• **WORK TO BE COMPLETED**
Leaving out any pictures, transcribe every record exactly.

▬▬▬

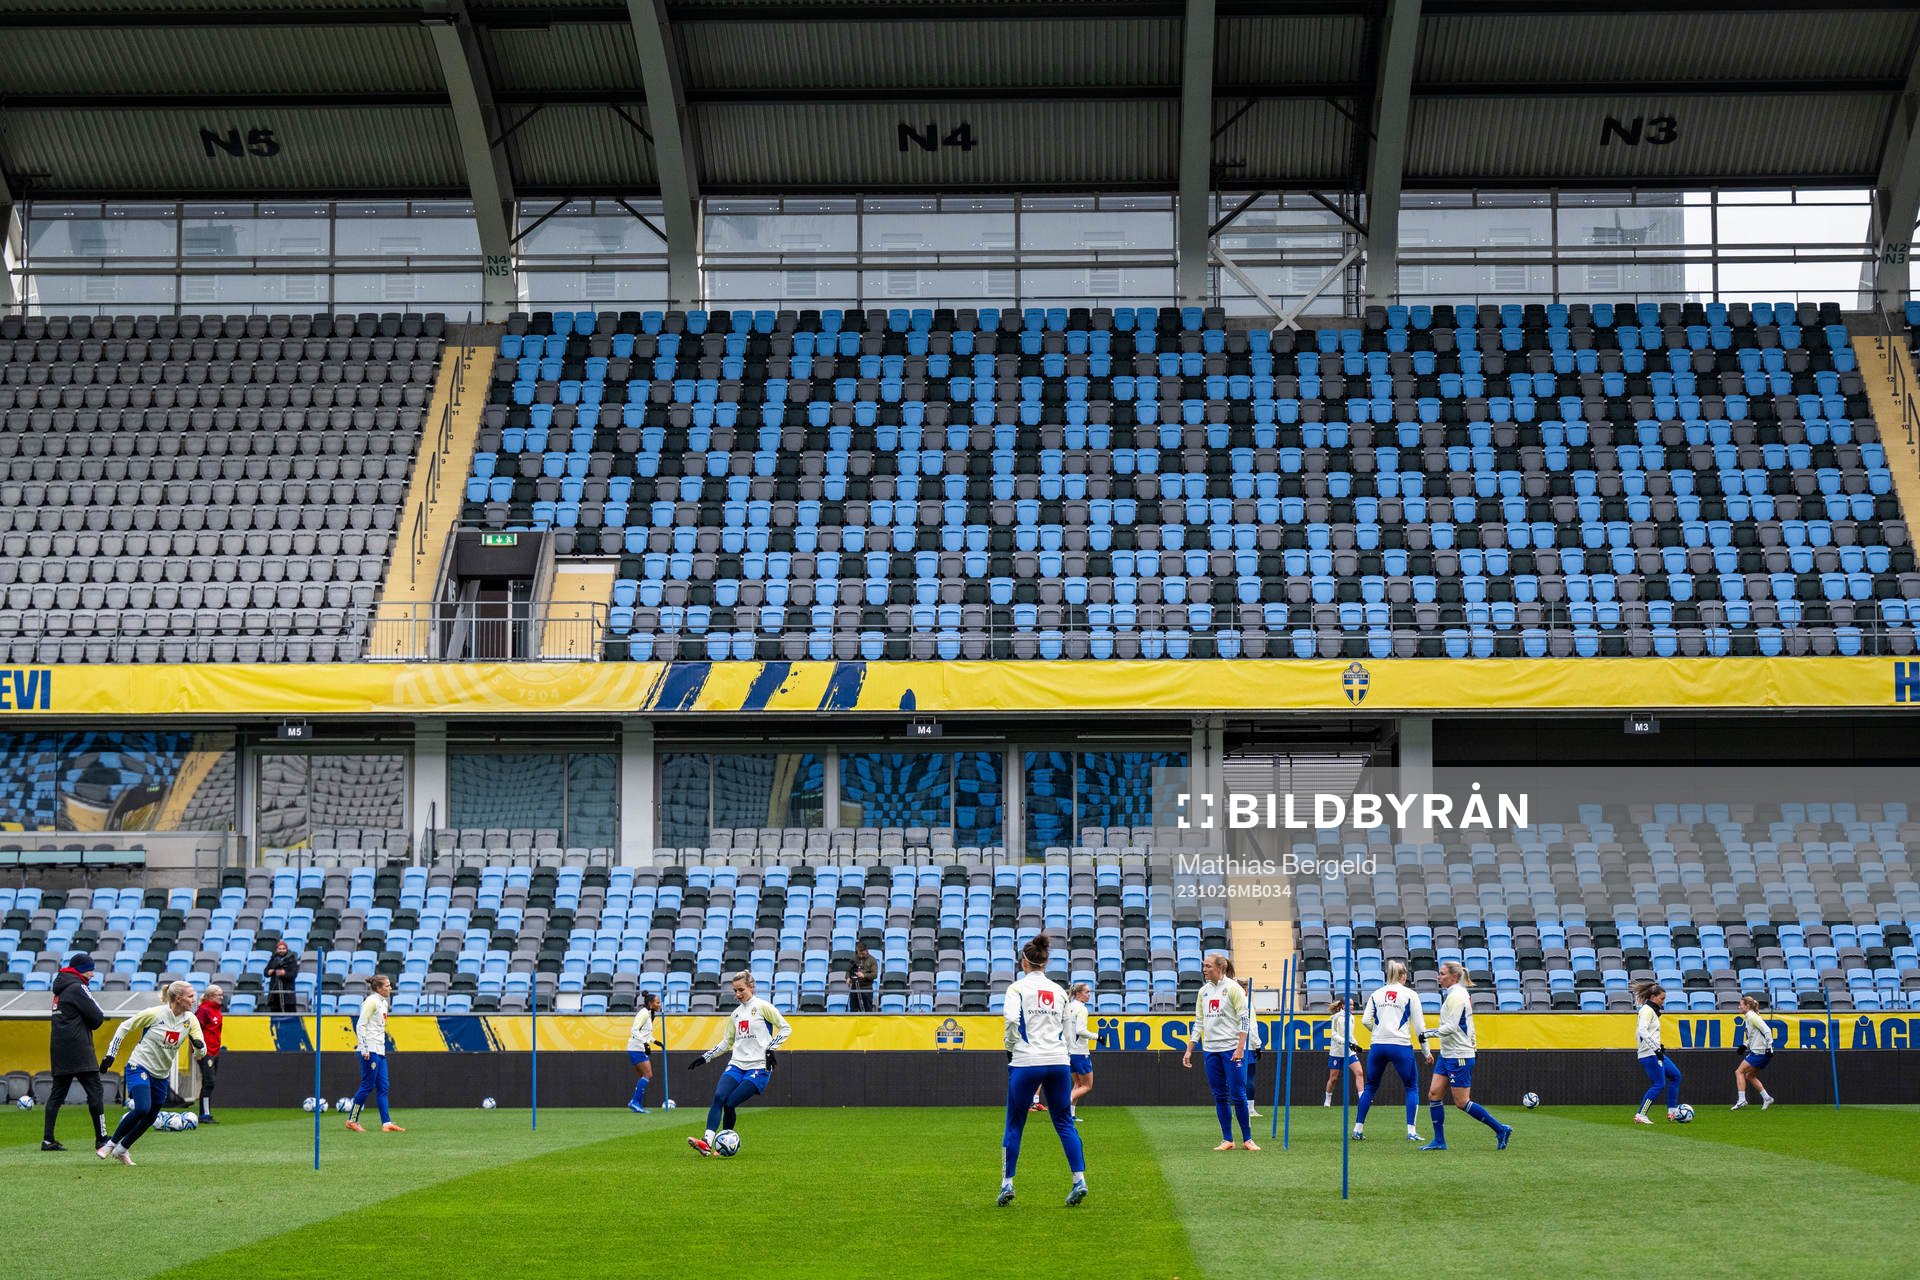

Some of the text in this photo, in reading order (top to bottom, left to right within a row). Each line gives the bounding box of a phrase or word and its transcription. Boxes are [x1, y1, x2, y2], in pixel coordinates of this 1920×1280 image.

[1600, 116, 1678, 146] N3
[200, 127, 280, 157] N5
[898, 122, 977, 152] N4
[1887, 243, 1907, 252] N2
[487, 255, 507, 264] N4
[1885, 253, 1905, 264] N3
[489, 265, 509, 276] N5
[0, 670, 52, 710] EVI
[287, 727, 302, 737] M5
[917, 725, 932, 735] M4
[1634, 722, 1649, 732] M3
[1678, 1019, 1721, 1048] VI

▬▬▬

• **SOLUTION FOR THIS EXERCISE**
Some of the text in this photo, in reading order (top to bottom, left to right within a row). Each line gives the bounding box of a phrase or word and its transcription. Boxes are [x1, y1, x2, y2], in pixel coordinates of this 1920×1280 image.

[1600, 116, 1678, 146] N3
[200, 127, 280, 157] N5
[898, 122, 977, 152] N4
[1887, 243, 1907, 252] N2
[487, 255, 507, 264] N4
[1885, 253, 1905, 264] N3
[489, 265, 509, 276] N5
[0, 670, 52, 710] EVI
[287, 727, 302, 737] M5
[917, 725, 932, 735] M4
[1634, 722, 1649, 732] M3
[1678, 1019, 1721, 1048] VI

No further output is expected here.